Science Matters

Cryopreservation Matters!

Bio-Tissue’s proprietary cryopreservation method, CryoTek®, is the result of more than 30 years of research examining the biology of the Amniotic Membrane and Umbilical Cord. The CryoTek method freezes the tissue to preserve the structural integrity and functional components of the Extracellular Matrix (ECM)1,2,3 while maintaining its natural hydrated state, ensures the retention of its crucial healing capabilities that uniquely promotes the regenerative process. A vital element of the ECM is HC-HA/PTX3, which is an immune-signaling complex known to have anti-inflammatory, anti-scarring, and anti-angiogenic effects.  Other ECM components preserved by the CryoTek method are growth factors, collagen (types I, III, IV, V, and VI), hyaluronic acid, fibronectin, laminin, and proteoglycans. Our tissue products are not dehydrated, which is another way of processing shown to degrade the biologic and limit the tissue’s regenerative capabilities.

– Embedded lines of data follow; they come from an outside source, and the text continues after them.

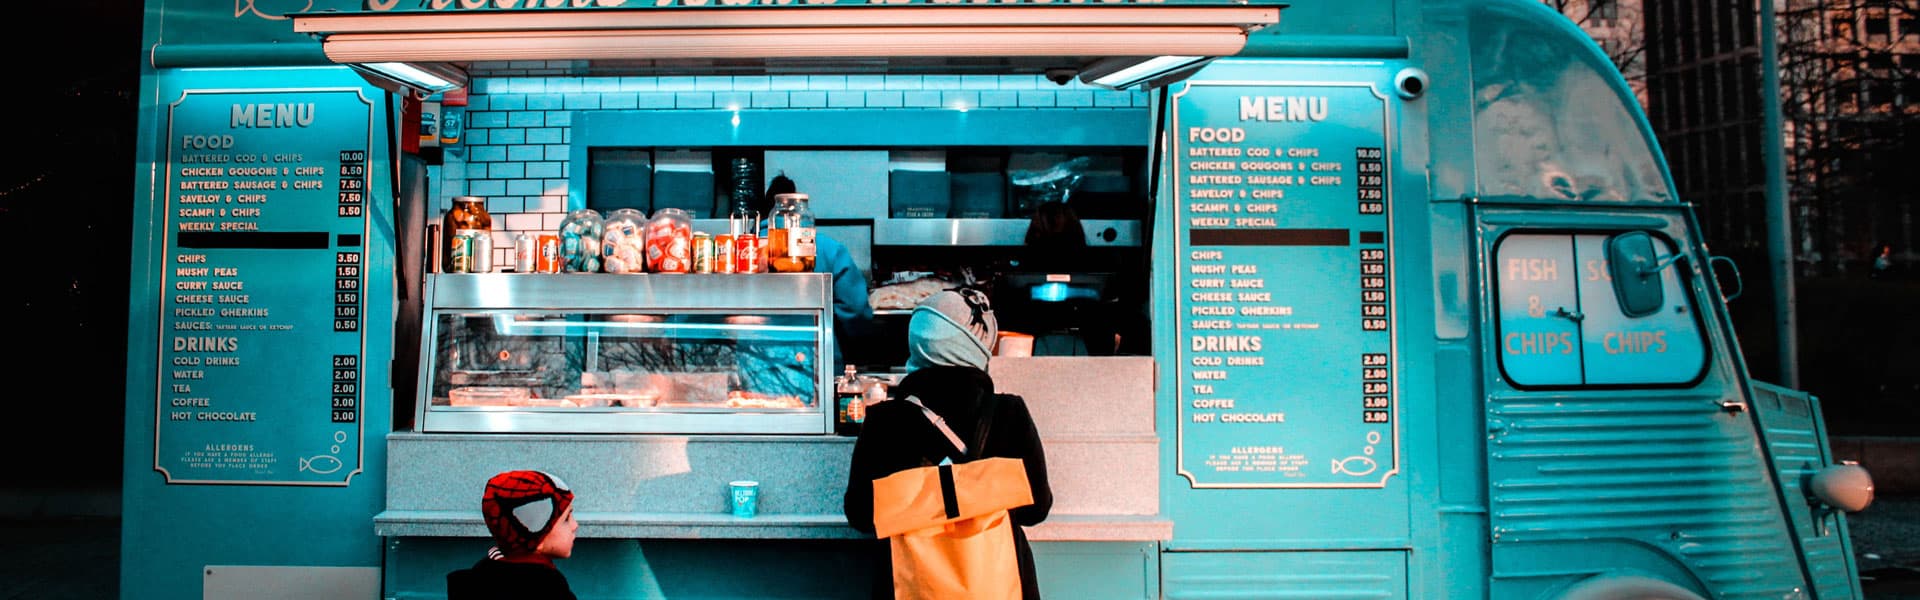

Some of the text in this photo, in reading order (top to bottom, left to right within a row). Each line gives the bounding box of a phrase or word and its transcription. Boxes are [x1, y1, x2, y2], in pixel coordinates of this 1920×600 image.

[1240, 94, 1328, 121] MENU
[232, 102, 315, 127] MENU
[1189, 127, 1245, 143] FOOD
[183, 134, 234, 149] FOOD
[1189, 147, 1242, 157] BATTERED
[1246, 147, 1271, 157] COD
[1287, 147, 1319, 157] CHIPS
[182, 154, 230, 163] BATTERED
[235, 154, 257, 162] COD
[274, 153, 303, 162] CHIPS
[341, 152, 363, 161] 10.00
[181, 167, 224, 176] CHICKEN
[295, 166, 324, 175] CHIPS
[341, 166, 362, 175] 8.50
[1190, 161, 1236, 171] CHICKEN
[1311, 162, 1342, 171] CHIPS
[180, 181, 229, 190] BATTERED
[234, 180, 276, 189] SAUSAGE
[294, 180, 323, 189] CHIPS
[340, 180, 361, 189] 7.50
[1190, 175, 1243, 184] BATTERED
[1247, 175, 1293, 185] SAUSAGE
[1310, 175, 1342, 185] CHIPS
[1359, 175, 1381, 185] 7.50
[180, 194, 220, 203] SAVELOY
[237, 194, 267, 203] CHIPS
[340, 193, 361, 202] 7.50
[1190, 188, 1234, 199] SAVELOY
[1251, 189, 1284, 199] CHIPS
[1359, 189, 1381, 199] 7.50
[179, 208, 215, 217] SCAMPI
[231, 208, 261, 217] CHIPS
[339, 206, 360, 216] 8.50
[1190, 203, 1230, 213] SCAMPI
[1246, 203, 1278, 213] CHIPS
[179, 222, 259, 231] WEEKLY SPECIAL
[1190, 217, 1277, 227] WEEKLY SPECIAL
[177, 253, 359, 263] CHIPS 3.50
[1191, 250, 1384, 260] CHIPS 3.50
[176, 267, 357, 276] MUSHY PEAS 1.50
[1191, 264, 1384, 274] MUSHY PEAS 1.50
[1508, 258, 1557, 281] FISH
[176, 280, 357, 290] CURRY SAUCE 1.50
[1191, 278, 1384, 288] CURRY SAUCE 1.50
[176, 293, 356, 303] CHEESE SAUCE 1.50
[1191, 291, 1385, 302] CHEESE SAUCE 1.50
[1191, 305, 1236, 316] PICKLED
[1528, 295, 1545, 318] &
[175, 307, 356, 317] PICKLED GHERKINS 1.00
[335, 320, 356, 329] 0.50
[174, 336, 238, 351] DRINKS
[1192, 335, 1262, 352] DRINKS
[1504, 332, 1573, 355] CHIPS
[1603, 331, 1667, 355] CHIPS
[174, 356, 355, 366] COLD DRINKS 2.00
[1192, 356, 1223, 366] COLD
[1227, 356, 1265, 366] DRINKS
[173, 370, 356, 380] WATER 2.00
[1193, 370, 1227, 380] WATER
[173, 384, 355, 393] TEA 2.00
[1193, 384, 1214, 394] TEA
[172, 397, 354, 407] COFFEE 3.00
[1193, 398, 1235, 409] COFFEE
[171, 411, 354, 421] HOT CHOCOLATE 3.00
[1193, 412, 1216, 423] HOT
[1221, 412, 1285, 423] CHOCOLATE

Healing the Ocular Surface

Inflammation is a normal phase in the healing process. What is not normal is when inflammation (acute or chronic) becomes uncontrolled, which may halt the healing process altogether or produce scarring. If this happens in or around the eye, patients may suffer permanent loss of vision. The components present in Bio-Tissue® products control inflammation on the ocular surface quickly, safely, and naturally to promote regenerative healing and prevent scarring.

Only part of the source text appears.